▶ **TASK**: Return the records exactly as they are.

(Saved entries)
....

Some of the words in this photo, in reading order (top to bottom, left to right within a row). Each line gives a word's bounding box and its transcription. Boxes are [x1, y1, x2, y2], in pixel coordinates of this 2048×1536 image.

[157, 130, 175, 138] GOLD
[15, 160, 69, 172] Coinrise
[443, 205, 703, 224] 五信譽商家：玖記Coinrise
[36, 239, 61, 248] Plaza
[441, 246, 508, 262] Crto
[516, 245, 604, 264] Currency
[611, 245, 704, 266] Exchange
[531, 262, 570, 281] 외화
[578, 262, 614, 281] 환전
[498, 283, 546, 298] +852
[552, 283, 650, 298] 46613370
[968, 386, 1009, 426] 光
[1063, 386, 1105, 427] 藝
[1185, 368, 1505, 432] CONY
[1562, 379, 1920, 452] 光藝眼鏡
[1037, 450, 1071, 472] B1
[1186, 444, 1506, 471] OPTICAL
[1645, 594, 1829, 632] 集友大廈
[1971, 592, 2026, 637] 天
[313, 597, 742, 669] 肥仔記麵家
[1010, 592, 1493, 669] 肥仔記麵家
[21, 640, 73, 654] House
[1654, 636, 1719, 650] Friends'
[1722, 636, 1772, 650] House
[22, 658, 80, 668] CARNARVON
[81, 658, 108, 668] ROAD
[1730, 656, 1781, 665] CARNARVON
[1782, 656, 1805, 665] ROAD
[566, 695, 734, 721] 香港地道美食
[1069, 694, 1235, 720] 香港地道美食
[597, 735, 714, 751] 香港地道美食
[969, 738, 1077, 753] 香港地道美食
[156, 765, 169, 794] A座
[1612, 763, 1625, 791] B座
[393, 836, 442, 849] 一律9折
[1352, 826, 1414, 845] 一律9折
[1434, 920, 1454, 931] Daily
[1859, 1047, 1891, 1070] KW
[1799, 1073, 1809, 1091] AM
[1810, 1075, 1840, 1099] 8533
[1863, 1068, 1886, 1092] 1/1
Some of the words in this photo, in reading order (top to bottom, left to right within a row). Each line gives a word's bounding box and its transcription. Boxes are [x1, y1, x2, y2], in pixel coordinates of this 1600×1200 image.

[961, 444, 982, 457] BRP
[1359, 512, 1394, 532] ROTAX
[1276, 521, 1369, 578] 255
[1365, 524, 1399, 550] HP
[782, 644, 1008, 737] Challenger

....

▶ **TASK RESPONSE**:
Some of the words in this photo, in reading order (top to bottom, left to right within a row). Each line gives a word's bounding box and its transcription. Boxes are [x1, y1, x2, y2], in pixel coordinates of this 2048×1536 image.

[157, 130, 175, 138] GOLD
[15, 160, 69, 172] Coinrise
[443, 205, 703, 224] 五信譽商家：玖記Coinrise
[36, 239, 61, 248] Plaza
[441, 246, 508, 262] Crto
[516, 245, 604, 264] Currency
[611, 245, 704, 266] Exchange
[531, 262, 570, 281] 외화
[578, 262, 614, 281] 환전
[498, 283, 546, 298] +852
[552, 283, 650, 298] 46613370
[968, 386, 1009, 426] 光
[1063, 386, 1105, 427] 藝
[1185, 368, 1505, 432] CONY
[1562, 379, 1920, 452] 光藝眼鏡
[1037, 450, 1071, 472] B1
[1186, 444, 1506, 471] OPTICAL
[1645, 594, 1829, 632] 集友大廈
[1971, 592, 2026, 637] 天
[313, 597, 742, 669] 肥仔記麵家
[1010, 592, 1493, 669] 肥仔記麵家
[21, 640, 73, 654] House
[1654, 636, 1719, 650] Friends'
[1722, 636, 1772, 650] House
[22, 658, 80, 668] CARNARVON
[81, 658, 108, 668] ROAD
[1730, 656, 1781, 665] CARNARVON
[1782, 656, 1805, 665] ROAD
[566, 695, 734, 721] 香港地道美食
[1069, 694, 1235, 720] 香港地道美食
[597, 735, 714, 751] 香港地道美食
[969, 738, 1077, 753] 香港地道美食
[156, 765, 169, 794] A座
[1612, 763, 1625, 791] B座
[393, 836, 442, 849] 一律9折
[1352, 826, 1414, 845] 一律9折
[1434, 920, 1454, 931] Daily
[1859, 1047, 1891, 1070] KW
[1799, 1073, 1809, 1091] AM
[1810, 1075, 1840, 1099] 8533
[1863, 1068, 1886, 1092] 1/1
Some of the words in this photo, in reading order (top to bottom, left to right within a row). Each line gives a word's bounding box and its transcription. Boxes are [x1, y1, x2, y2], in pixel coordinates of this 1600×1200 image.

[961, 444, 982, 457] BRP
[1359, 512, 1394, 532] ROTAX
[1276, 521, 1369, 578] 255
[1365, 524, 1399, 550] HP
[782, 644, 1008, 737] Challenger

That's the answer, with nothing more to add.